ASSIGNMENT: All entries below must be written out verbatim, and the images must be dropped.

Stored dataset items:

────────────────────

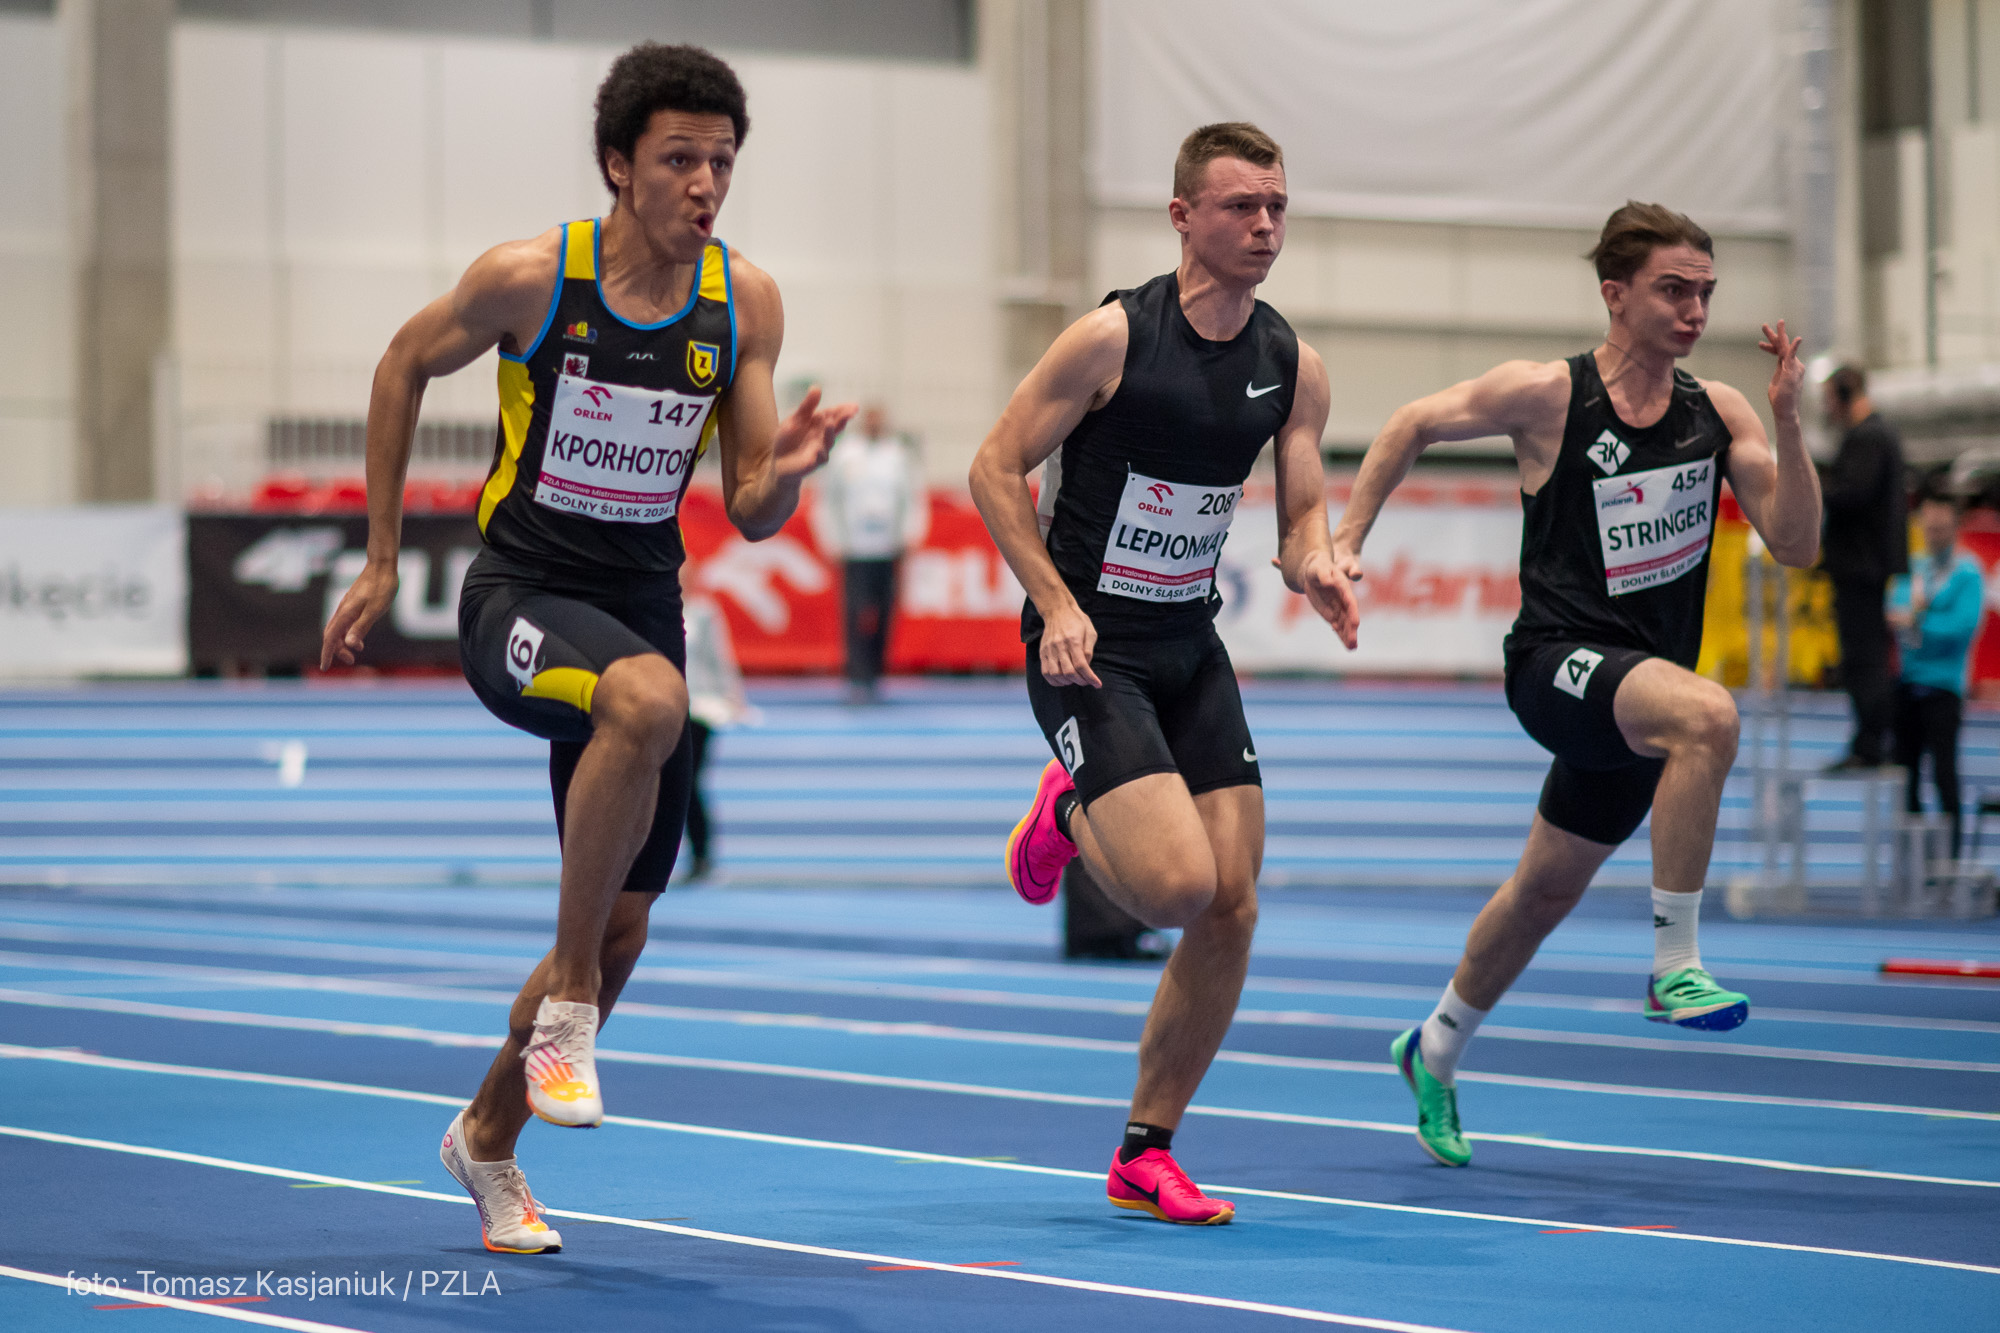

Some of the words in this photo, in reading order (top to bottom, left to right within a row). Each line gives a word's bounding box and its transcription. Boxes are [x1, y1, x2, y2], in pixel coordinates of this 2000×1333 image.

[573, 407, 613, 422] ORLEN
[648, 400, 703, 428] 147
[543, 475, 560, 487] PZLA
[561, 483, 590, 495] Halowe
[592, 488, 637, 502] Mistrzostwa
[1671, 465, 1709, 493] 454
[551, 493, 598, 512] DOLNY
[600, 502, 641, 519] ŚLĄSK
[643, 506, 670, 518] 2024
[1138, 502, 1173, 517] ORLEN
[1197, 492, 1235, 516] 208
[1601, 495, 1634, 510] polanik
[1607, 501, 1708, 551] STRINGER
[1115, 524, 1221, 560] LEPIONKA
[1105, 565, 1121, 574] PZLA
[1122, 568, 1148, 579] Halowe
[1621, 572, 1658, 589] DOLNY
[1112, 580, 1154, 596] DOLNY
[1154, 587, 1184, 600] ŚLĄSK
[1185, 584, 1201, 596] 2024
[510, 634, 533, 671] 6
[1567, 658, 1591, 687] 4
[1061, 725, 1076, 771] 5

────────────────────

REPLY TO THE TASK:
Some of the words in this photo, in reading order (top to bottom, left to right within a row). Each line gives a word's bounding box and its transcription. Boxes are [x1, y1, x2, y2], in pixel coordinates of this 2000×1333 image.

[573, 407, 613, 422] ORLEN
[648, 400, 703, 428] 147
[543, 475, 560, 487] PZLA
[561, 483, 590, 495] Halowe
[592, 488, 637, 502] Mistrzostwa
[1671, 465, 1709, 493] 454
[551, 493, 598, 512] DOLNY
[600, 502, 641, 519] ŚLĄSK
[643, 506, 670, 518] 2024
[1138, 502, 1173, 517] ORLEN
[1197, 492, 1235, 516] 208
[1601, 495, 1634, 510] polanik
[1607, 501, 1708, 551] STRINGER
[1115, 524, 1221, 560] LEPIONKA
[1105, 565, 1121, 574] PZLA
[1122, 568, 1148, 579] Halowe
[1621, 572, 1658, 589] DOLNY
[1112, 580, 1154, 596] DOLNY
[1154, 587, 1184, 600] ŚLĄSK
[1185, 584, 1201, 596] 2024
[510, 634, 533, 671] 6
[1567, 658, 1591, 687] 4
[1061, 725, 1076, 771] 5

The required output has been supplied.